I was excited this morning as I headed to the studio. It has been a dreary morning, waking up to -3C. In spring! Unfazed, I prepared the studio.
Only a handful came. Whether it was bed weather, or some Mother’s Day pre-event, it was a small size for a Saturday class. I feed off energy from other people, and having a small class can be struggling for me. I tried to hide my disappointment, telling myself… “This isn’t about me alone. This is sharing and reaching out to others. This is all perfectly all right”.
My theme was friendship. Friendship, not with other people; but the relationship with oneself. It can be so easy to make friends with others; but we find it difficult to make friends with ourselves. There is a strain to accept our own limitations but not with others. There is conflict within our own thoughts but not with what others are thinking. There is the tussle with our own body parts only because others look great in a pose, and you’d kill yourself to look like that. But by coming in to the practice today, the friendship is renewed. Allowing it to blossom into something more. Allowing ourselves to be open to the possibility that expectations may not be met from this friendship, and that this is okay. What matters is to trust the process of what this friendship can grow into when we cease building that wall to take us to the edge, or in some cases, jumping off the edge when we push ourselves too much and too soon.

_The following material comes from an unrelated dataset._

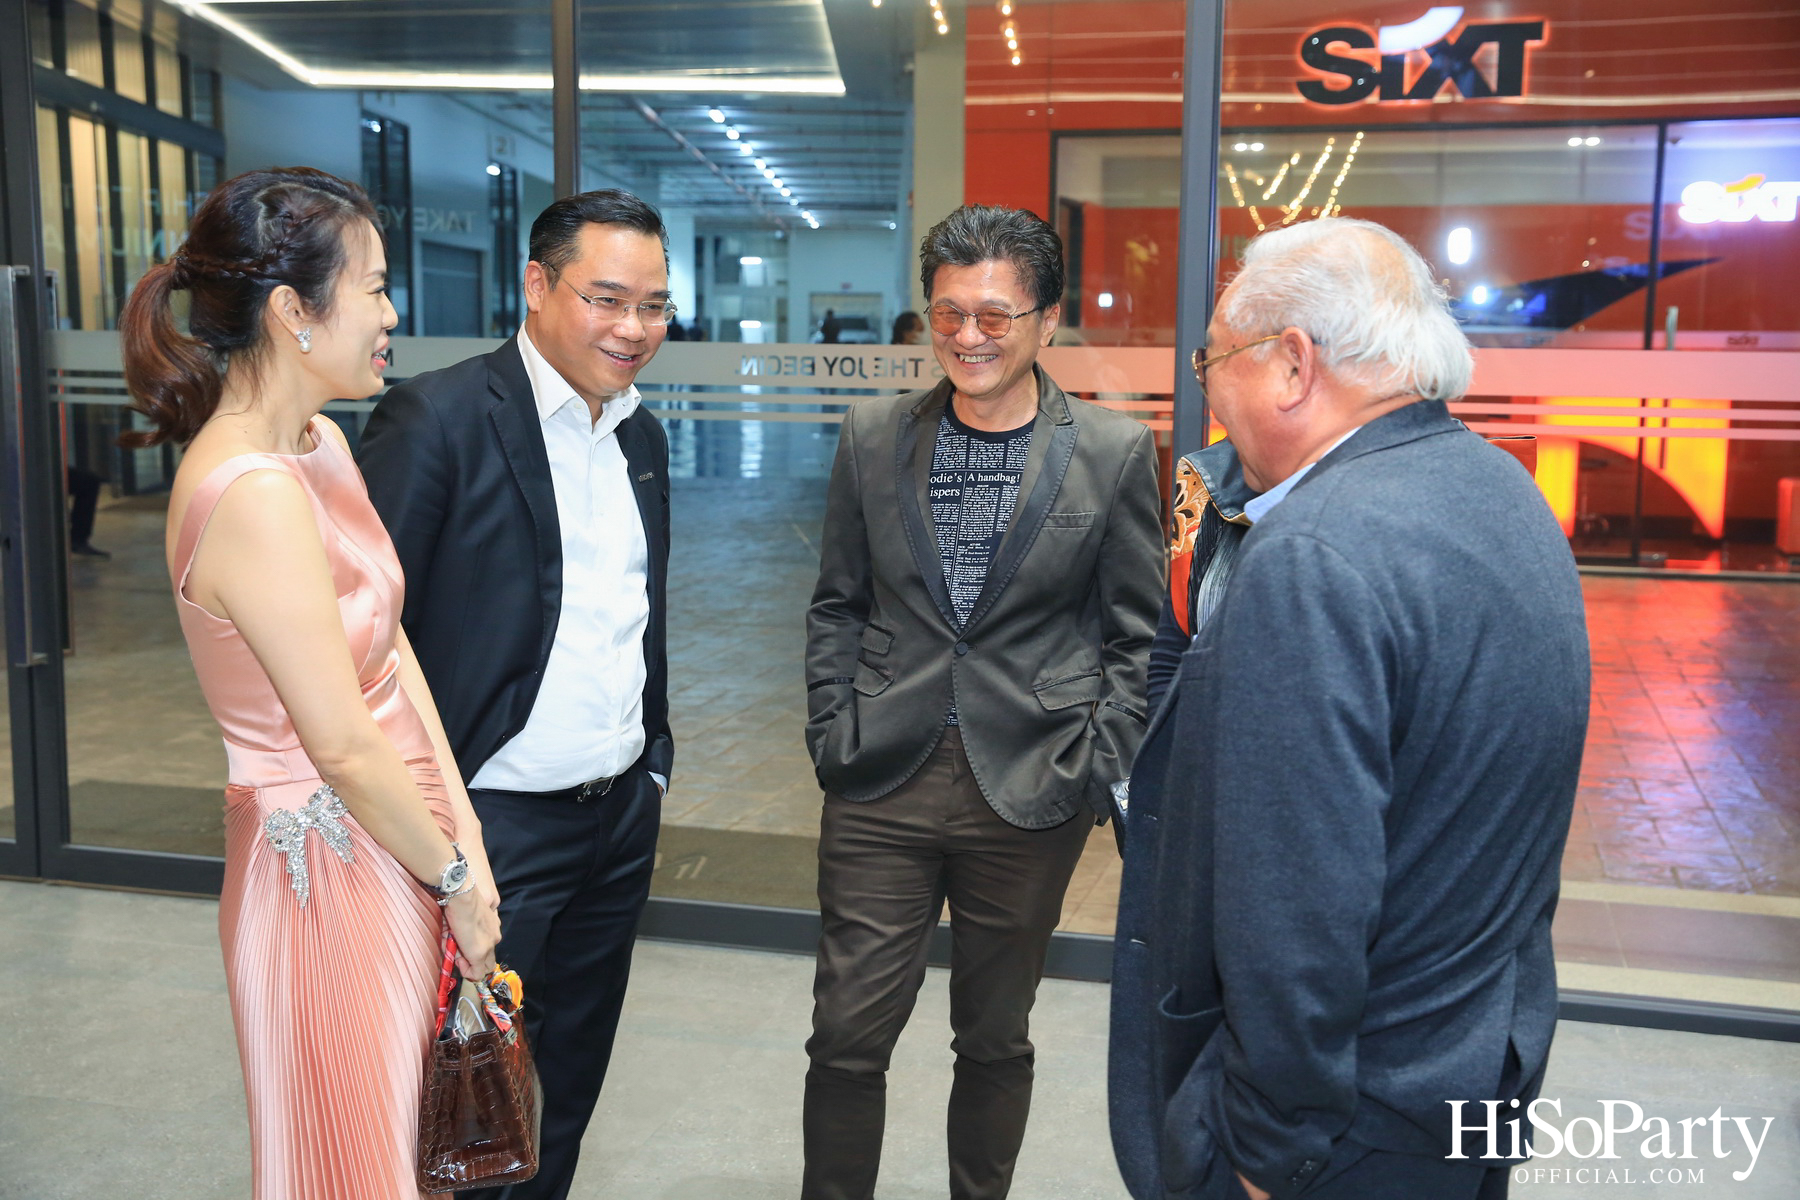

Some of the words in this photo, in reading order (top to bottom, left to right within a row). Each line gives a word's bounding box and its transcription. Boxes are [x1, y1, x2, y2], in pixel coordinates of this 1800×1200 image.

[1295, 6, 1549, 107] SIXT
[967, 472, 976, 482] A
[977, 472, 1021, 485] handbag!

There is always a risk to any friendship; but we can not know what is meant to happen when we seclude ourselves into our shell, or when we’re too eager to see beyond… only because the edge looks scary, only because the edge is unknown.
So I made them sweat. I guided them to their individual edge, scary or not. I flowed with their energy and doubled mine to keep the class fun and lively. They may have looked near passing out with all the sundry-crazy Chaturangas and motley-wild Navasanas… but each of us moved on to the next flow, and to the next flow, and to the next flow… reaching the peak, the culmination. Adho Mukha Vrksasana.
The class held different levels and their handstands came out distinct to their own edge. I smiled. My heart smiled. And I was content. We ended with Viparita Karani. Again, in a potpourri of leg positions to whatever felt good for them.
On my way home, I received a text from one of the yogis.
Not only did I feel enthused with their handstands, I am now reaping the dessert, enjoying my box full of chocolates.